Ramifications for Businesses and Digital Marketers

RankBrain, as well as Google’s other projects in AI and machine learning, will continue to be a driving force in Google’s search engine for the foreseeable future. Marketers should adjust their content and search marketing strategies accordingly to have a greater likelihood of ranking highly on SERPs.

Keywords

First, the nature of keyword usage in online content has changed. Pre-RankBrain, keywords were repeatedly used, often in unnatural or robotic writing styles, to artificially drive the score of a page. Certain methods such as hiding additional text or keyword stuffing became penalized over time, but that did not stop content writers from forcing keywords into landing pages and blog posts. 

While keywords remain an essential aspect of SEO strategy, writers no longer need to use exact match keywords in their content. Instead, it is more beneficial to write in a natural, reader-friendly style. RankBrain doesn’t change these rules, originally implemented in the Hummingbird update. As Google’s Gary Ilyes puts it: 

“It’s a new signal. [You don’t optimize] for RankBrain … It’s about making sure the user gets the result that is deserved for the query. If you write in natural language, you’re all set. If you keyword-stuff your content, that will almost certainly not be good for you.”

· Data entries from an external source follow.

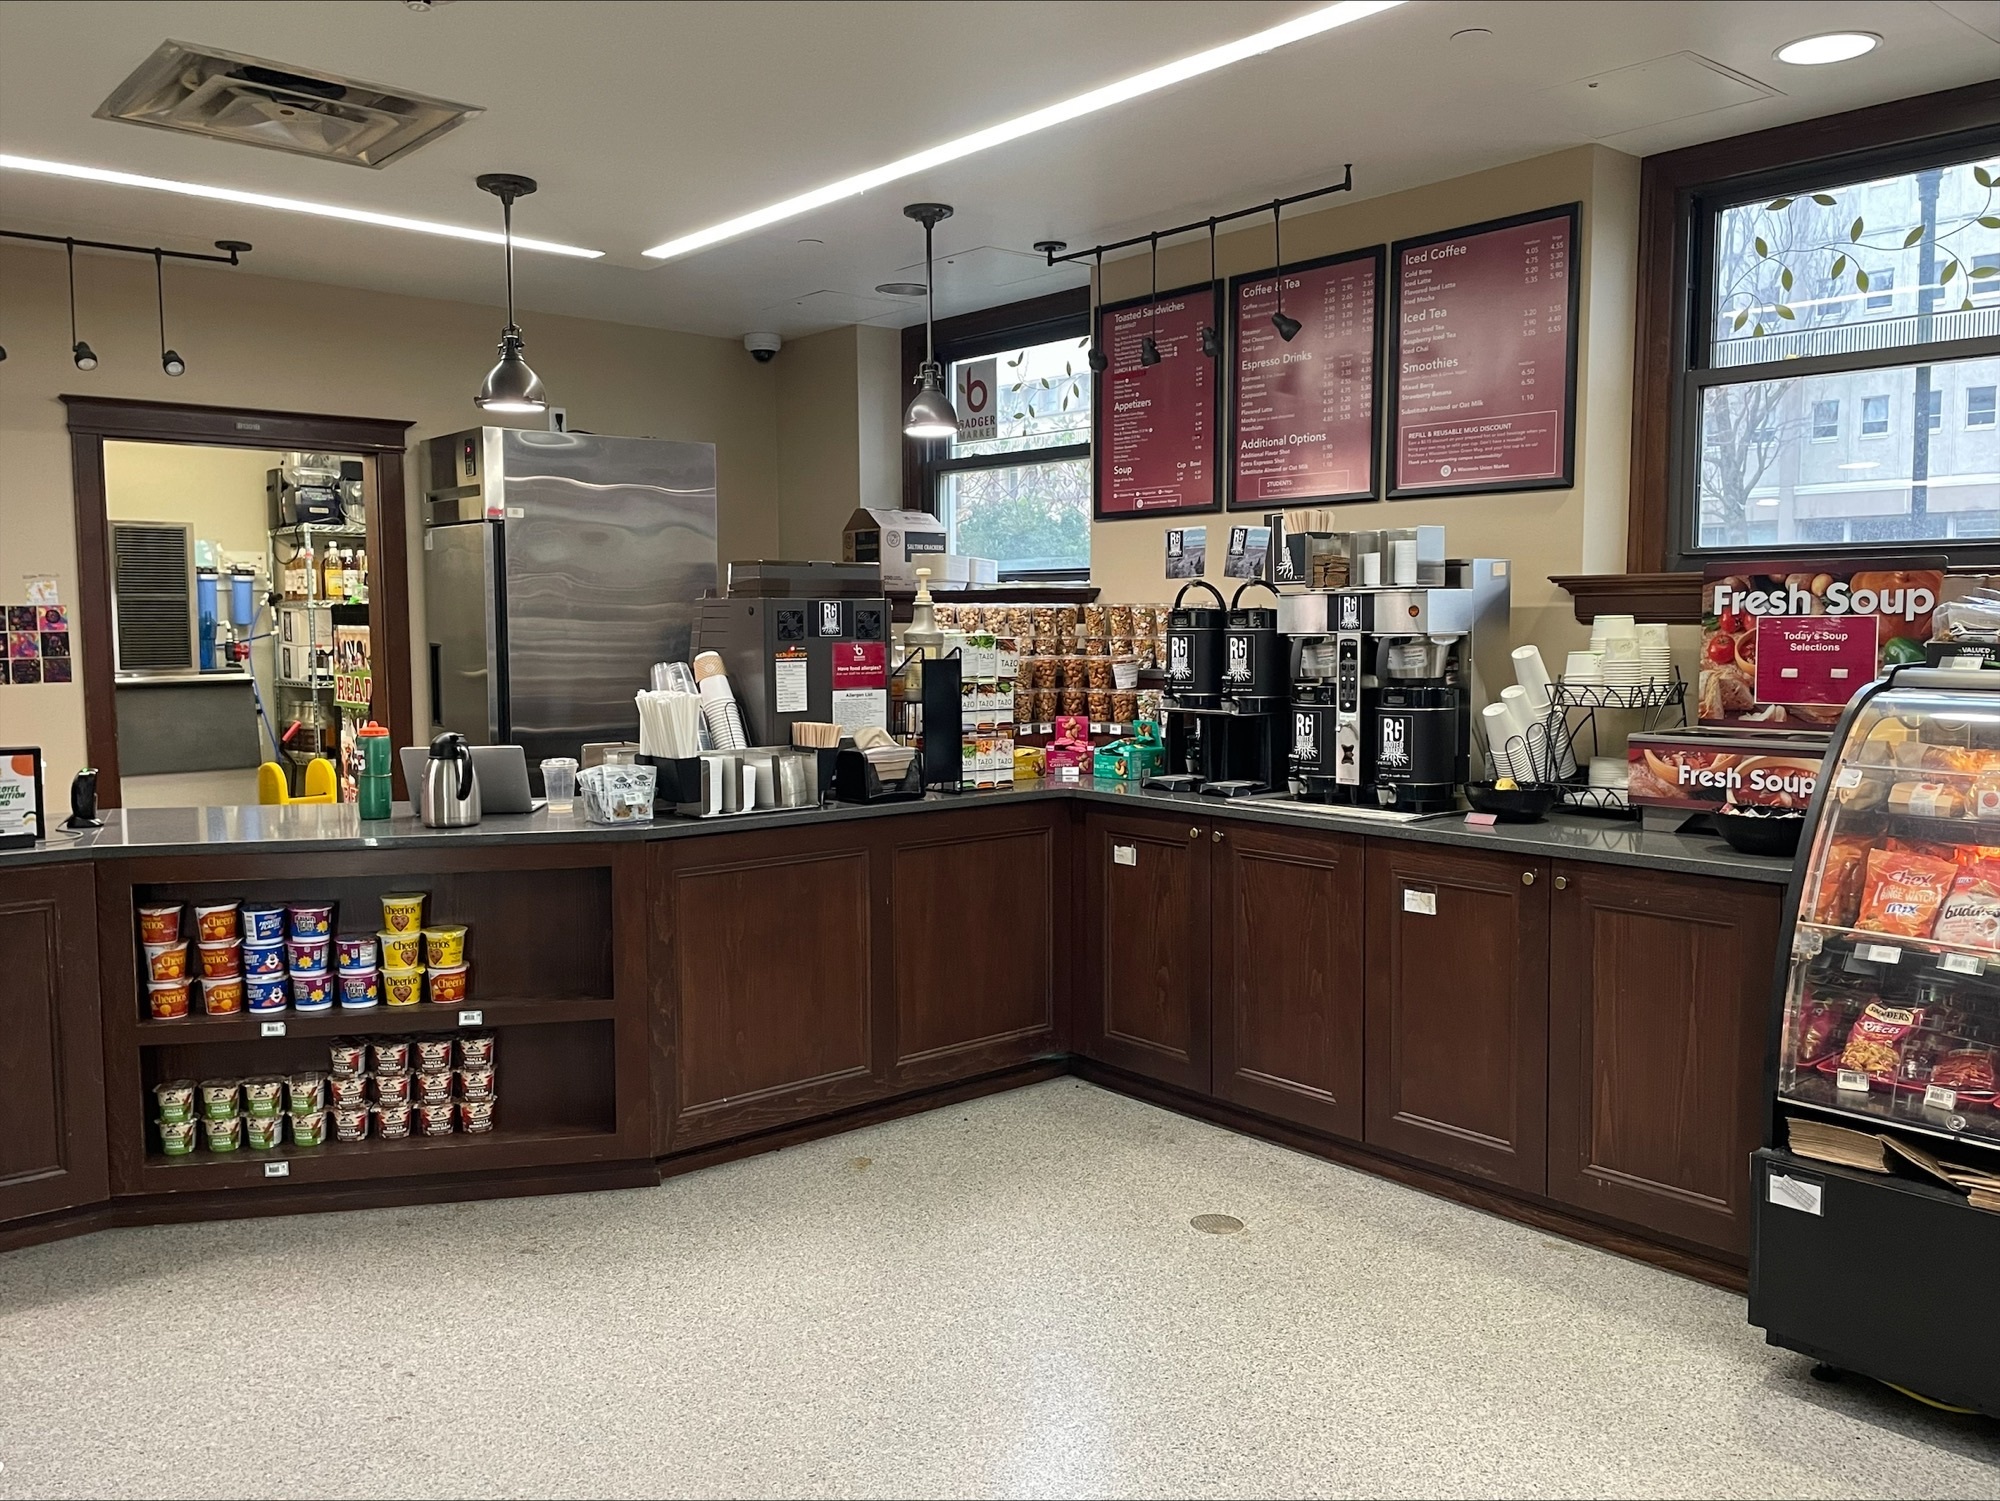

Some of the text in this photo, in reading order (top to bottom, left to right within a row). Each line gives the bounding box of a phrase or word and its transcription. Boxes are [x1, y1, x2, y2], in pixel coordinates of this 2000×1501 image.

[1406, 245, 1467, 265] Iced Coffee
[1243, 284, 1272, 298] Coffee
[1285, 279, 1300, 289] Tea
[1115, 309, 1141, 323] Toasted
[1404, 308, 1447, 323] Iced Tea
[1242, 358, 1280, 371] Espresso
[1283, 351, 1312, 363] Drinks
[1403, 357, 1458, 373] Smoothies
[1114, 399, 1152, 412] Appetizers
[1433, 428, 1462, 436] REUSABLE
[1480, 423, 1512, 431] DISCOUNT
[1241, 433, 1326, 450] Additional Options
[1114, 466, 1132, 475] Soup
[1344, 596, 1357, 612] RG
[1713, 581, 1935, 621] Fresh Soup
[1783, 631, 1848, 641] Today's Soup
[1172, 637, 1188, 657] RG
[1230, 637, 1247, 659] RG
[1790, 643, 1840, 651] Selections
[1296, 714, 1314, 736] RG
[1384, 718, 1404, 741] RG
[1678, 765, 1816, 798] Fresh Soup
[1888, 870, 1936, 887] Chex
[385, 905, 416, 914] Cheerios
[386, 976, 418, 986] Cheerios
[1864, 1021, 1900, 1034] PIECES

Tags and meta-descriptions

Metadata continues to play an indirect, yet important role in SEO. Optimizing title tags with the right keywords may provide marginal SEO benefit, but more importantly, title tags can determine the clickthrough rate, which in turn has a greater impact on search engine rankings. Tags should continue to be informative and relevant to the webpage content. 

The same applies to meta-descriptions and alt-text. Adding keywords for these elements has been shown to have positive SEO effects, but it also helps readers better understand content relevant to their query and situation. Content writers must continue to use meta descriptions to add relevant context around their webpages and articles and use alt text to help visually-impaired searchers (and crawlers) better understand the content they discover, and determine whether it is right for them.

User Experience

Back in 2019, a Reddit user asked Gary Ilyes, “Lots of people keep saying that part of the RB system includes UX signals, including Dwell Time, Bounce Rate, Click Through Rate, etc … Can you please confirm/deny whether RB uses UX signals of any kind?” 

In response, Ilyes wrote, “Dwell time, CTR, whatever [Moz founder Rand Fishkin’s] new theory is, those are generally made up…”

While most people take Ilyes’s comment at face value (even Google’s Matt Cutts made a similar comment back in 2008), other marketers argue that his reply is specifically in regards to RankBrain. Although RankBrain does not consider these elements, it nevertheless has been speculated by marketers to be equally important to the search algorithm, due to Google’s tendency to track dwell time anyway and reward high CTR. In essence, regardless of whether RankBrain uses these signals, it’s worth it for businesses and marketers to optimize content for long dwell times, low bounce rates, and high CTR anyway. 

RankBrain’s impact on search and content marketing will continue to be the subject of debate and research for at least the next decade. As Google’s user base increases, there will be undoubtedly a rise in queries that have no precedent in terms of meaning or context. With RankBrain, Google will be able to more accurately identify complex correlations between vast entities, and deliver more useful insights, even with a lack of information. 

But there is still much to learn about the inner machinations of the RankBrain AI. How does RankBrain teach itself? How may RankBrain change and grow in the next five years? How might people search differently as a result of RankBrain? And what greater plans does Google have for RankBrain in the future? Only time and analysis will tell.